[Records excerpted from a collection]
---

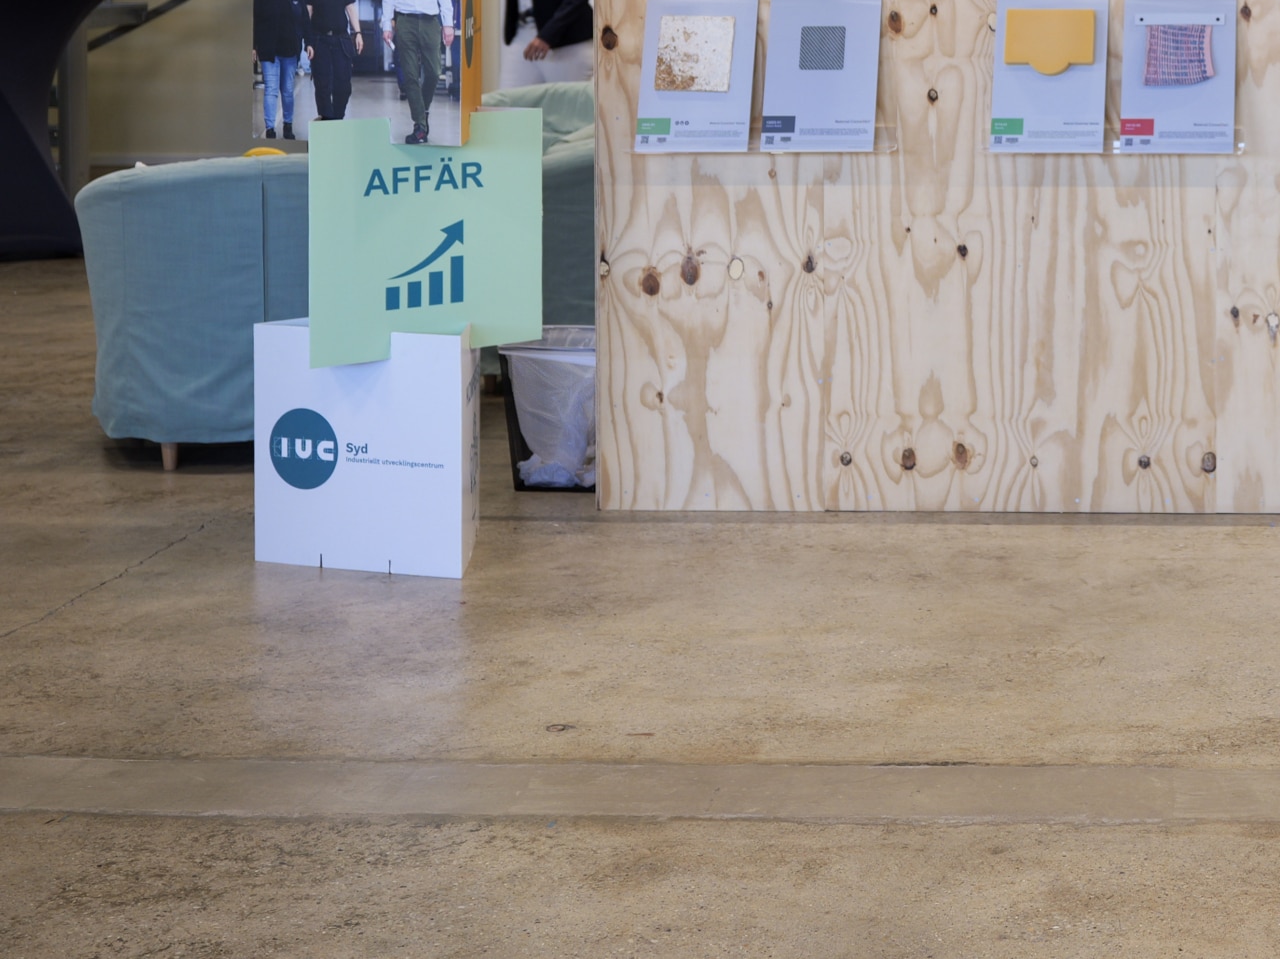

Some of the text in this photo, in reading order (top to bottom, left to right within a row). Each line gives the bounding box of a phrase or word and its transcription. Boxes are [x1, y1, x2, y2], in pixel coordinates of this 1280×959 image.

[363, 157, 484, 197] AFFÄR
[281, 437, 335, 461] IUC
[346, 442, 368, 456] Syd
[345, 457, 444, 469] Industriellt utvecklingscentrum

---

▸ REQUIREMENT
An exact copy of every entry above is needed, with the pictures left out.

▸ SOLUTION TO THIS EXERCISE
Some of the text in this photo, in reading order (top to bottom, left to right within a row). Each line gives the bounding box of a phrase or word and its transcription. Boxes are [x1, y1, x2, y2], in pixel coordinates of this 1280×959 image.

[363, 157, 484, 197] AFFÄR
[281, 437, 335, 461] IUC
[346, 442, 368, 456] Syd
[345, 457, 444, 469] Industriellt utvecklingscentrum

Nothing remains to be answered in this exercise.